From quiz nights pre-recorded open mics, finding ways to hold events has demonstrated wonderful creativity, but no idea has been so wonderful and quaint as HortSoc’s socially distanced opium garden. Posing as journalists from VICE, we were given an exclusive tour of the two acre farm of the devil’s poppy.
The Main Event
We started the tour with a look at the main event, the Papaver somniferum or opium poppies themselves! Equipped with facemasks and keeping a strict two metres from our guide, we walked through the fields of beautiful pink and scarlet red flowers, gazing at the pale green bulbs, and dreaming of the joys that they held inside. As we walked, we passed numerous English and History students armed with AK47s, some wearing balaclavas.
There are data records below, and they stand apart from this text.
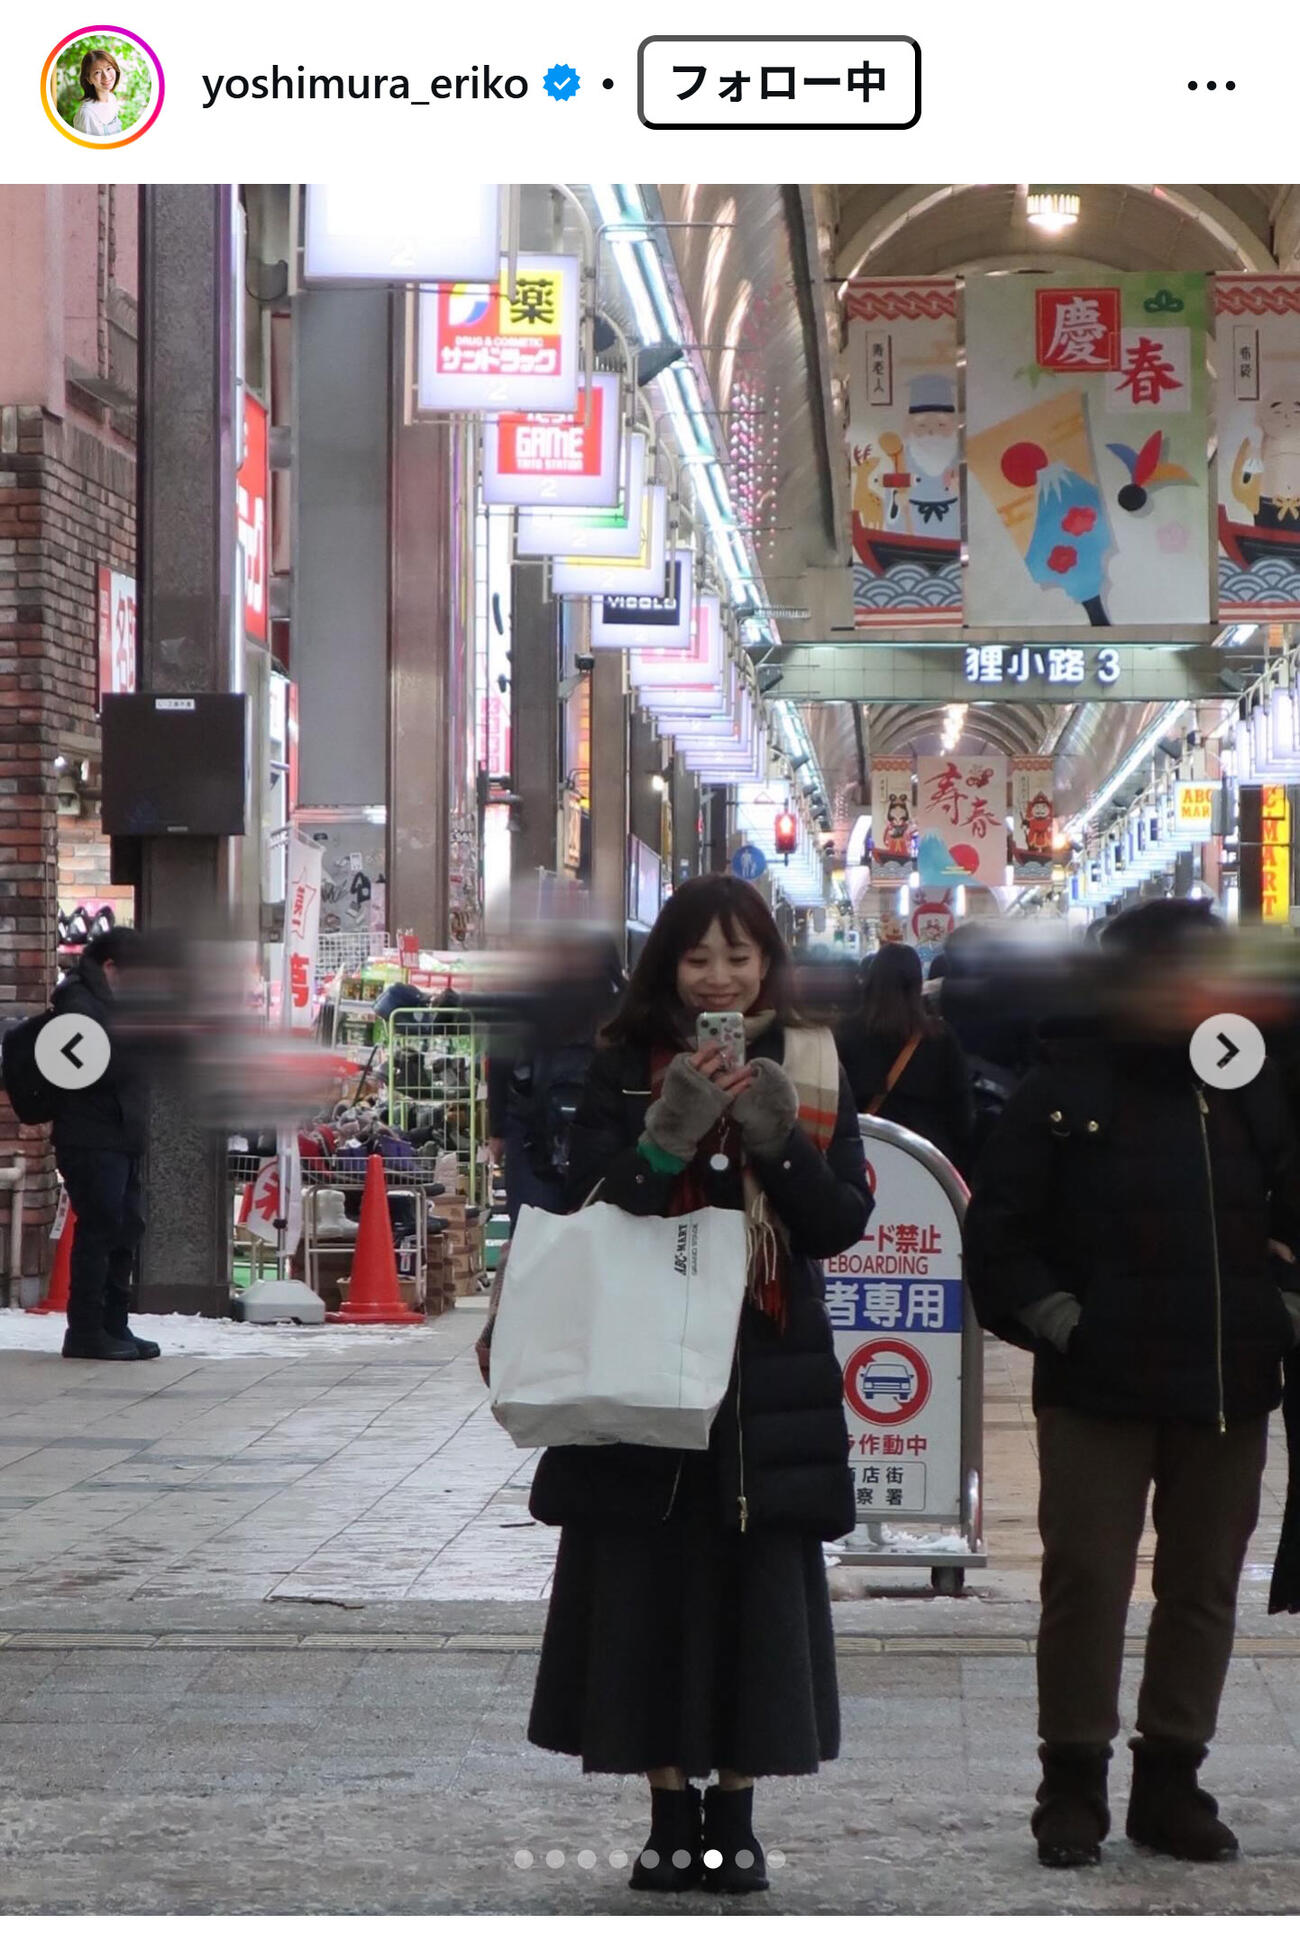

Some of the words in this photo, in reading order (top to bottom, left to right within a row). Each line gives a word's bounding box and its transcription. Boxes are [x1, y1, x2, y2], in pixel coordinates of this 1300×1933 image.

[510, 278, 554, 324] 薬
[516, 427, 584, 459] GAME
[540, 478, 558, 497] 2
[965, 646, 1086, 683] 狸小路
[1097, 648, 1121, 683] 3
[824, 1281, 945, 1328] 者専用
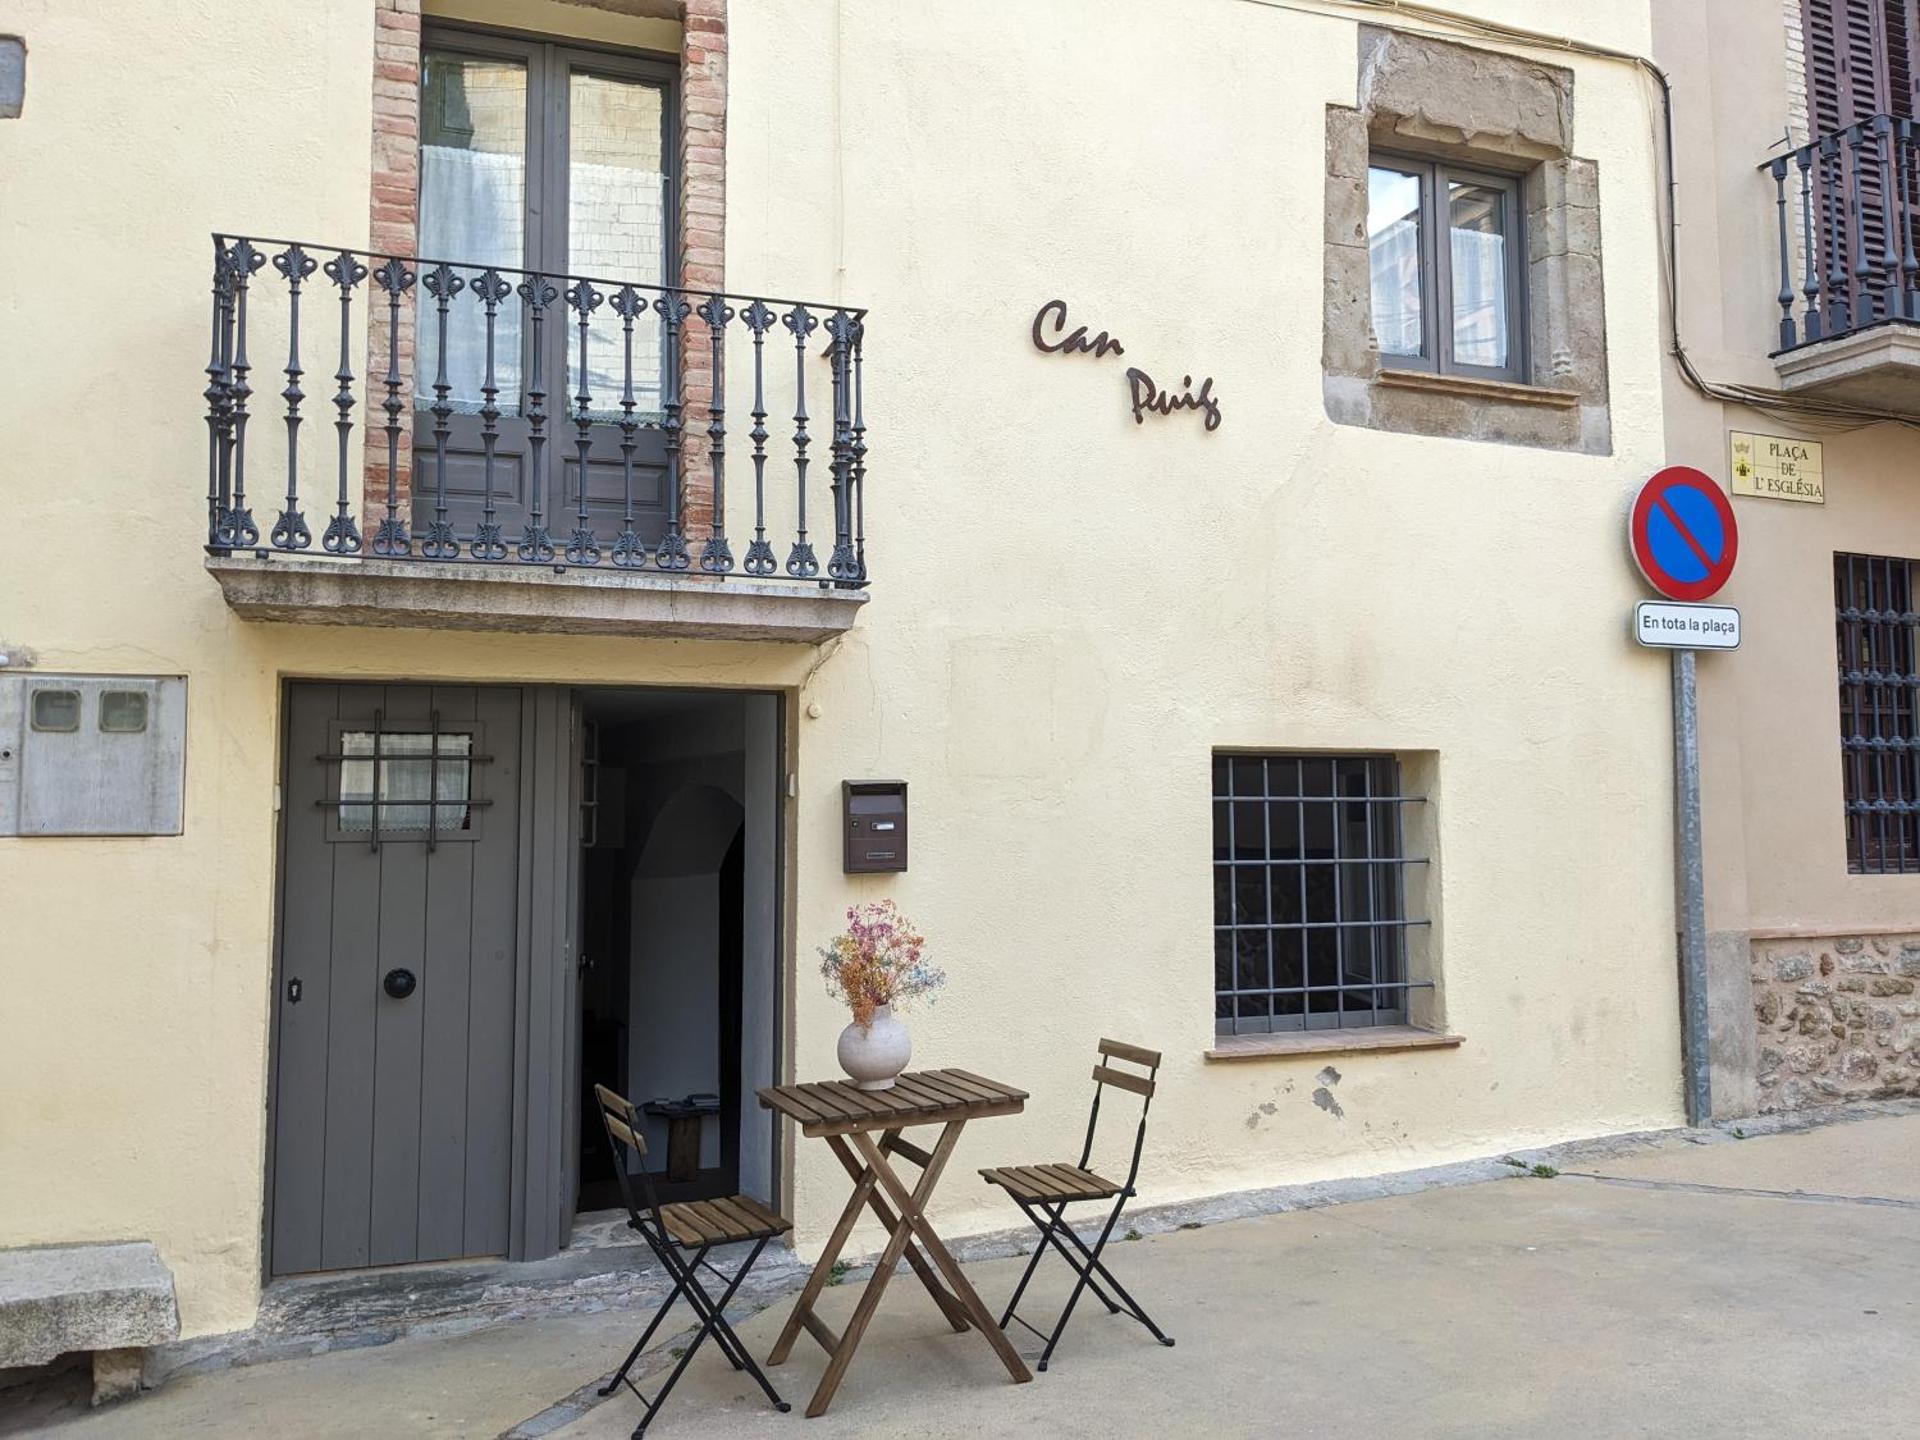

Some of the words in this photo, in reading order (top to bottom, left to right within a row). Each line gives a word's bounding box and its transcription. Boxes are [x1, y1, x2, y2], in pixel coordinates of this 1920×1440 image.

[1032, 299, 1125, 358] Can
[1126, 367, 1222, 431] Puig
[1769, 443, 1808, 461] PLAÇA
[1781, 462, 1796, 476] DE
[1643, 615, 1659, 629] En
[1662, 617, 1686, 631] tota
[1689, 618, 1700, 631] la
[1702, 619, 1735, 635] plaça
At the end of the garden, we found that these students were not just busy growing opium, but had also been planting a sizeable array of San Pedro cacti, lye plants, Mimosa hostilis, Psilocybe cubensis and a wonderful array of uppers, downers, screamers, laughers, poppers, donkey flippers, aphrodisiacs, “Johnny Onion Rings”, Belfield special, COVID-19 vaccinations, special K, banal K, Wheetos, fairy pills, E, oregano, bluechew, grass, Ukrainian bush reefer, purple haze, marihuana, Cannabis sativa, Cannabis indica, grout haze, drill bits, Salvia divanorum, Nag Champa, wolfies, school bus, liquid x, cat valium and something that smelled like weed.
When asked what all these plants would be used for, we discovered that society members will often prepare their harvests into delicious snacks, such as the campus-famous HortSoc apple juice and dandelion wine. This summer, they plan to prepare traditional pipe opium, noting that extracting heroin would be too difficult and time consuming.
Seeing such a wide array of controlled substances has proven to this reporter that lockdown is what you make of it.